MOLECULAR SIMULATIONS OF TIN BASED MATERIALS FOR EUV LITHOGRAPHY

Call: 11th Open Access Grant Competition
Researcher: Prof. Petr Slavíček

Institution: The University of Chemistry and Technology Prague
Field: Material Sciences

 

How can focused high-energy radiation change a material? What particular changes will occur at a molecular level? The chemical changes of materials under the influence of high- -energy photons are studied by the team led by Prof. Petr Slavíček from the Laboratory of the Theoretical Photodynamics Research Group at the University of Chemistry and Technology in Prague. Their project titled Molecular simulations of tin based materials for EUV lithography has been awarded 1,082,000 core hours. The objective of this project is to describe molecular changes occurring in extreme ultraviolet (EUV) ionization of tin based organic compounds (particularly so-called Sn-O cages). These compounds may potentially be used as photoresist materials for EUV lithography, a new generation of lithography for nanometric dimensions applicable in effective production of new computer chips. The method is based on the changes of physical and chemical properties of photoresists (e.g. their solubility) after EUV radiation. By exposing specific areas of a material to the radiation, the dimension of the resulting structure can be up to 10 nm, which is the threshold limit dimension of today‘s commercial chips. Considerable computational intensity of molecular simulations of ionized Sn-O compounds is generated by the rich electron structure of tin.
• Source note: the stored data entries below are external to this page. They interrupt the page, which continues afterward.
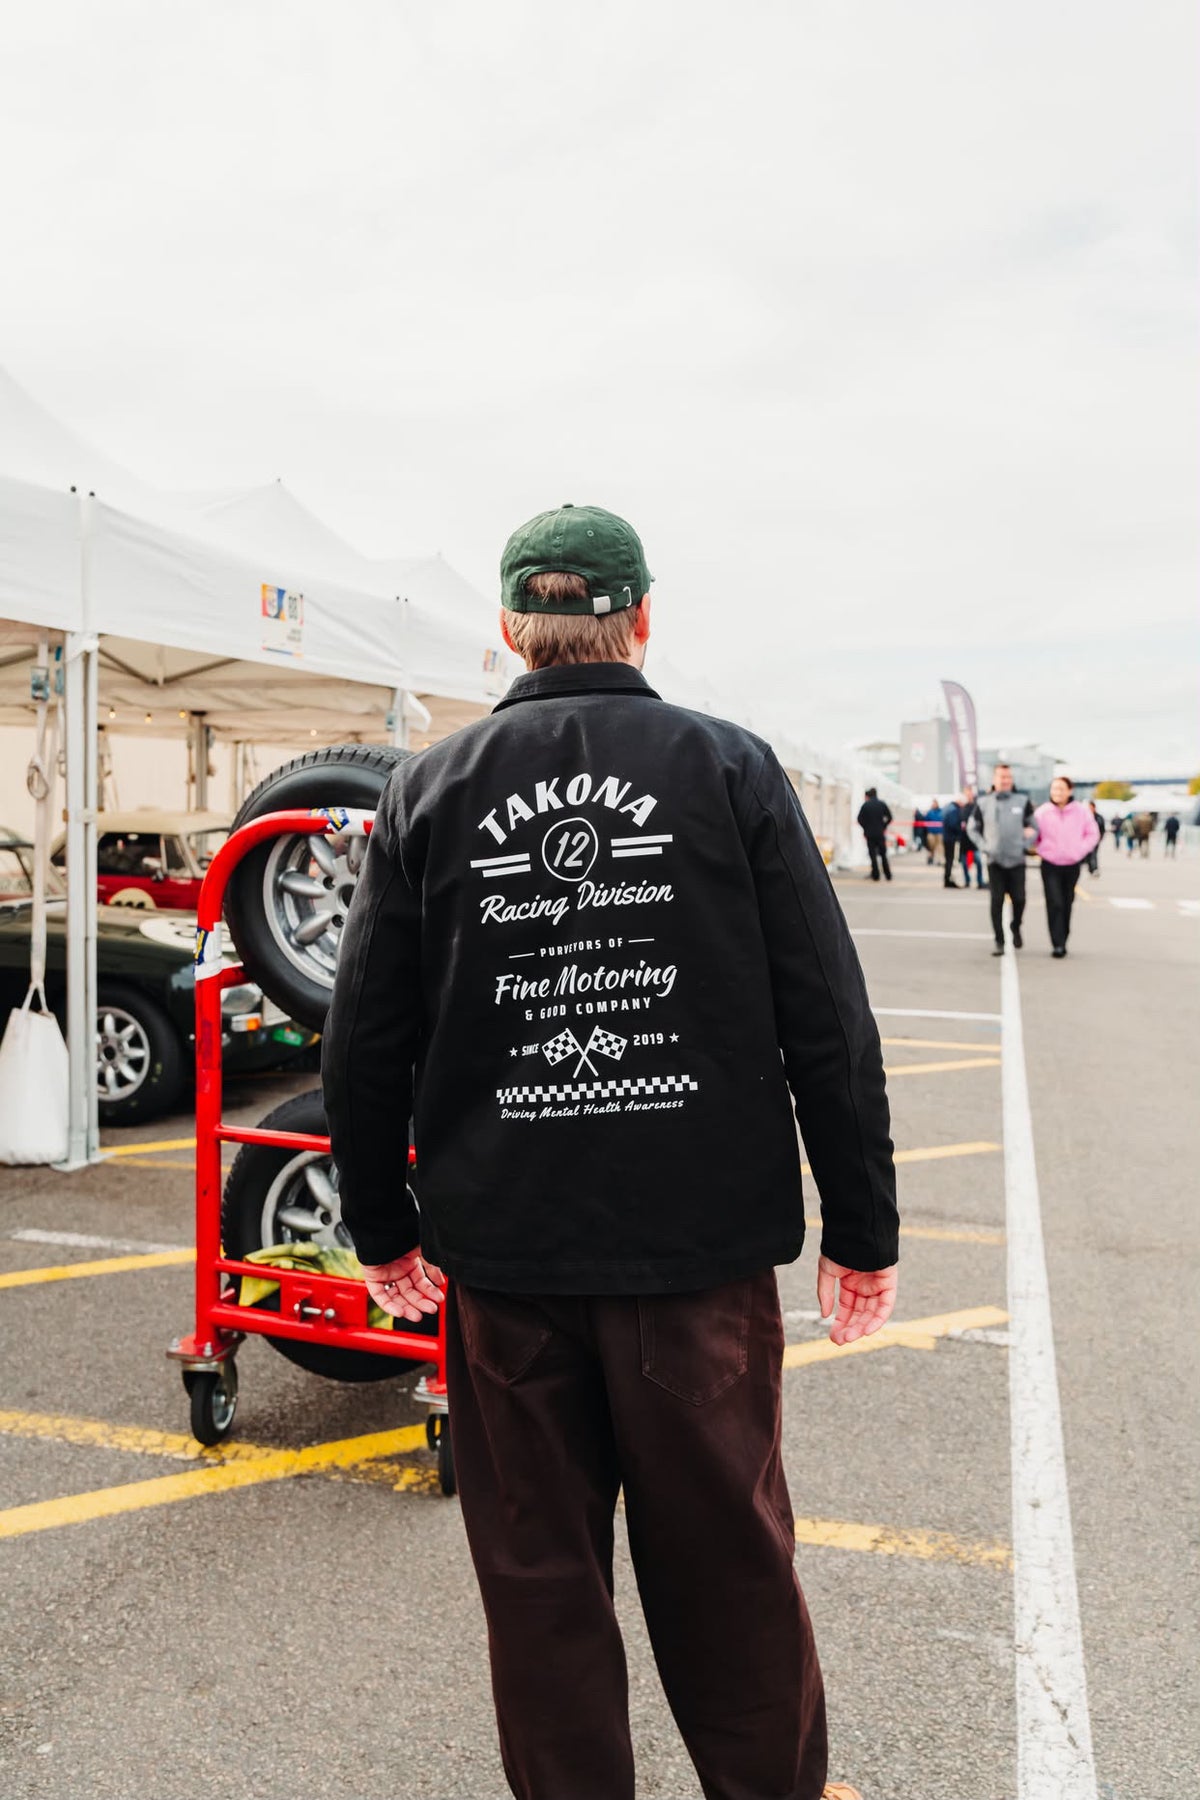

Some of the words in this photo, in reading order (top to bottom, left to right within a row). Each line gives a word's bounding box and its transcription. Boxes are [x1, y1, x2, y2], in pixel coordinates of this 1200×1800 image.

[478, 773, 657, 845] TAKONA
[554, 832, 590, 867] 12
[480, 895, 569, 925] Racing
[577, 880, 674, 910] Division
[540, 940, 601, 958] PURVEYORS
[608, 937, 623, 949] OF
[495, 974, 550, 1004] Fine
[554, 960, 677, 997] Motoring
[525, 1009, 533, 1021] &
[540, 1005, 567, 1020] GOOD
[576, 997, 651, 1015] COMPANY
[521, 1043, 540, 1057] SINCE
[633, 1033, 664, 1046] 2019
[501, 1109, 537, 1121] Driving
[539, 1105, 580, 1119] Mental
[583, 1100, 621, 1115] Health
[625, 1099, 685, 1112] Awareness
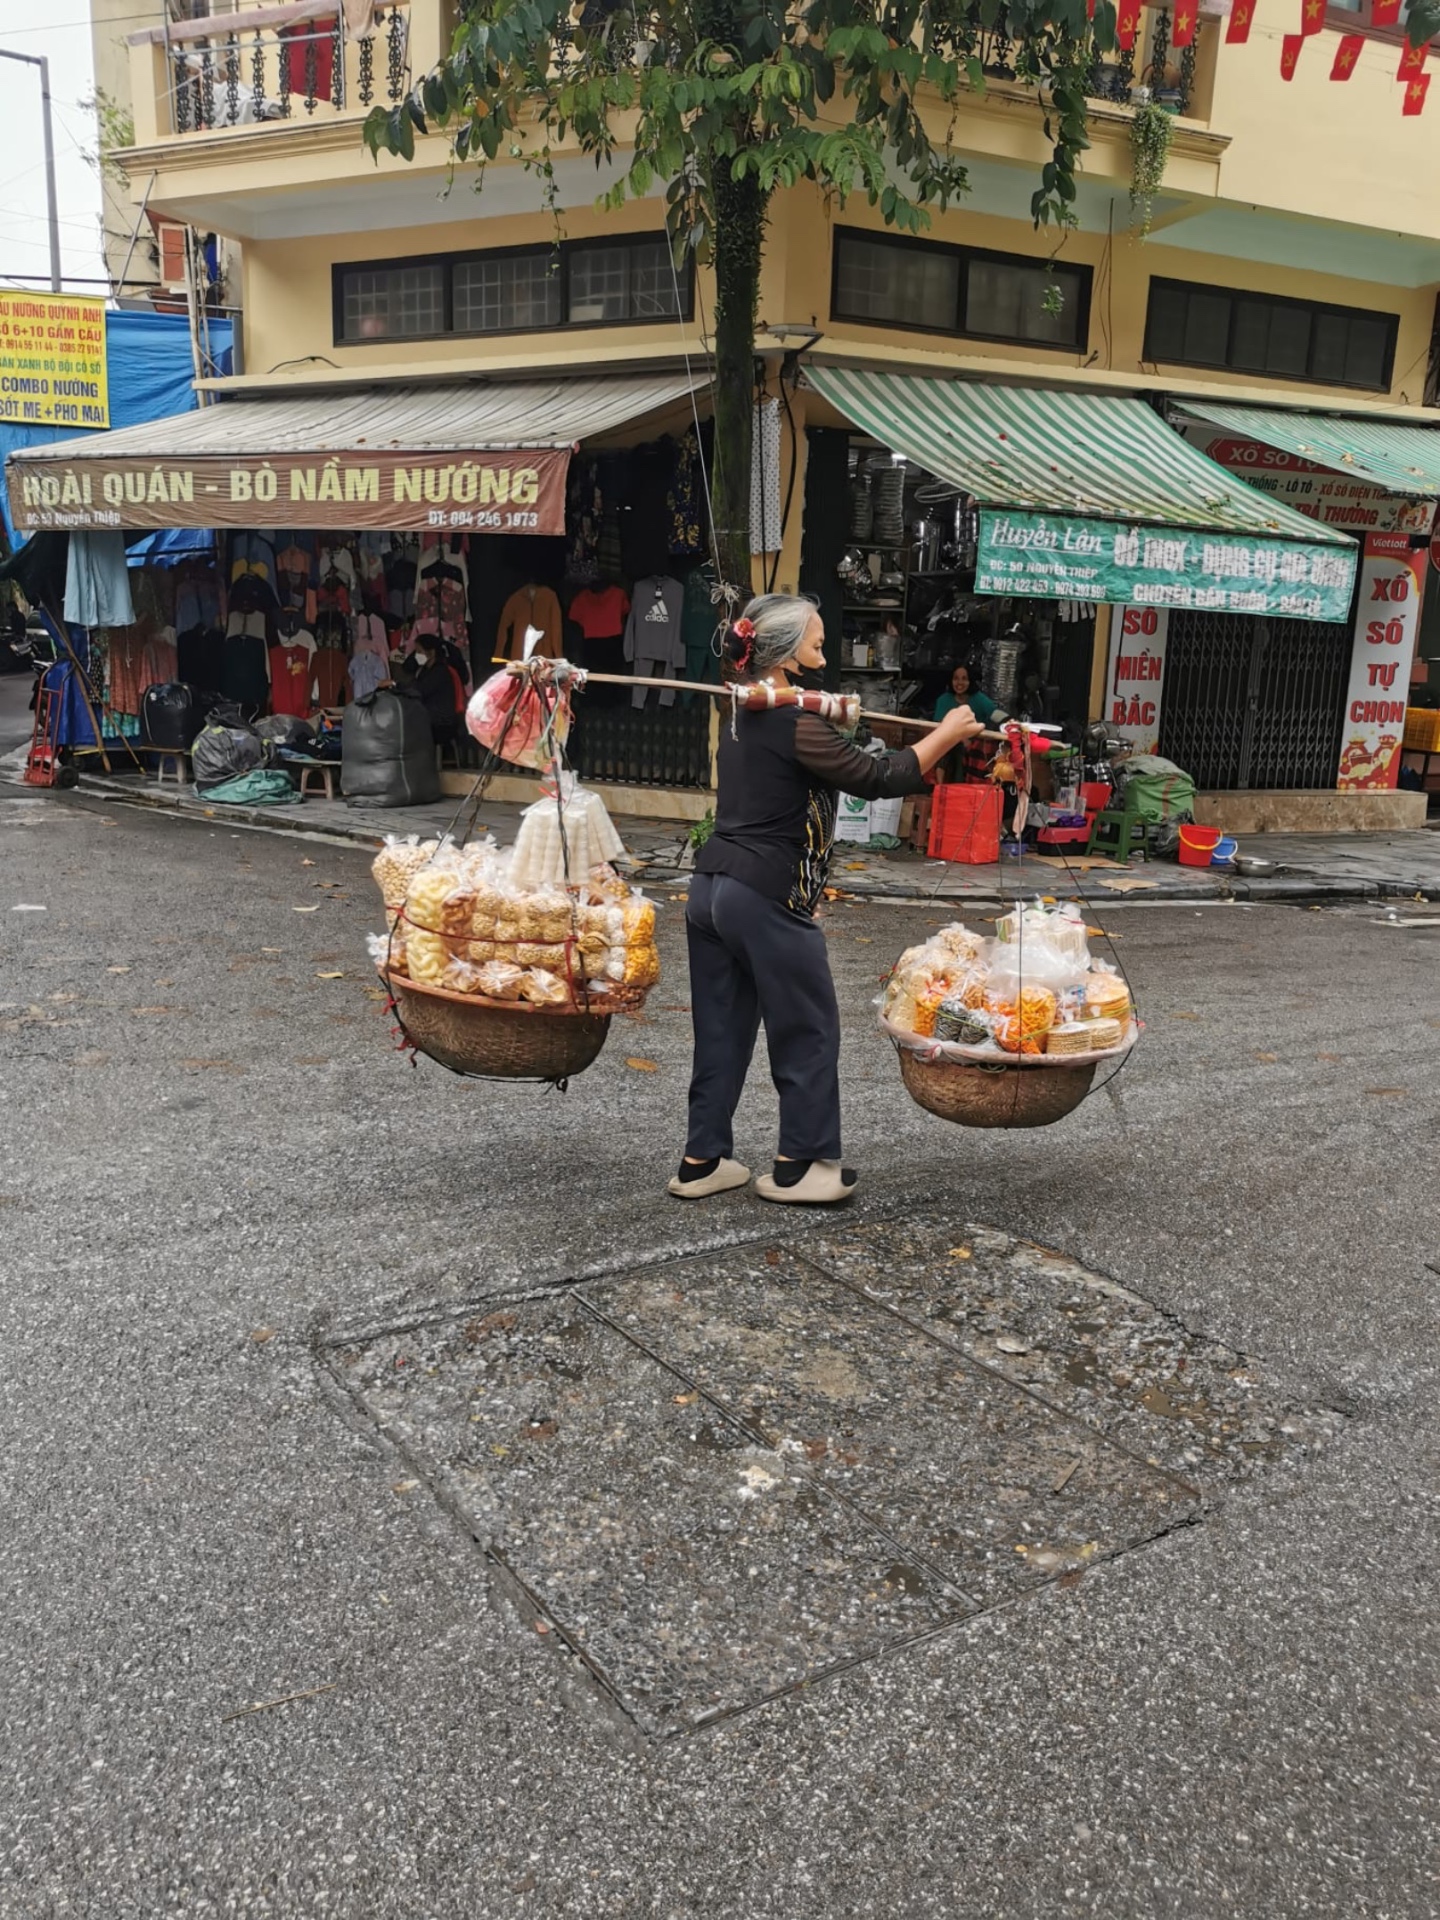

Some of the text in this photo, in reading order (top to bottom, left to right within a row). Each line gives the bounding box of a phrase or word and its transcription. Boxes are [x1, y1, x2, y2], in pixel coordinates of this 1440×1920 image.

[82, 307, 102, 323] ANH
[13, 324, 44, 338] 6+10
[17, 358, 41, 372] XANH
[2, 377, 98, 398] COMBO NƯỚNG
[23, 402, 42, 419] ME
[82, 405, 104, 423] MAI
[22, 469, 92, 506] HOÀI
[103, 465, 194, 506] QUÁN
[230, 461, 278, 501] BÒ
[290, 456, 379, 501] NẦM
[394, 461, 539, 504] NƯỚNG
[477, 511, 501, 526] 246
[506, 512, 538, 527] 1973
[989, 518, 1058, 550] Huyền
[1372, 538, 1408, 549] Vietlott
[1143, 537, 1188, 572] INOX
[1371, 570, 1411, 602] XỔ
[1366, 614, 1406, 645] SỐ
[1115, 648, 1163, 681] MIỀN
[1367, 661, 1400, 691] TỰ
[1112, 694, 1156, 726] BẮC
[1350, 700, 1404, 728] CHỌN
Simulation of a single trajectory taking half a picosecond requires almost a week to be computed using common processors. With its 76,896 cores (Intel Haswell processors and Intel Xeon Phi accelerators), our Salomon supercomputer will allow the researchers to perform extensive simulation, which would not be practically executable otherwise.



IN SILICO DRUG DESIGN

Call: 10th Open Access Grant Competition
Researcher: Prof. Pavel Hobza

Institution: Institute of Organic Chemistry and Biochemistry of the Czech Academy of Sciences
Field: Material Sciences

 

Prof. Pavel Hobza from the Institute of Organic Chemistry and Biochemistry of the Czech Academy of Sciences conducts research on computer-aided drug design. His project “In silico drug design” has been awarded 7,425,000 core hours within the 10th Open Access Competition. The allocated computational resources will be used for developing virtual screening methods for drugs. Used by the pharmaceutical industry, this approach is based on molecular modelling (docking and scoring) in order to identify suitable substances for designing new drugs. Due to its high computing performance requirements, the reliability of these methods has been low so far. Using the IT4Innovations supercomputers and employing exact quantum chemistry computations, the researchers from Prof. Hobza’s team are able to predict both the drug structure at the active site of proteins and their ability to bind, which determines their therapeutic effects. The recently published approach is currently used in collaboration with leading pharmaceutical companies.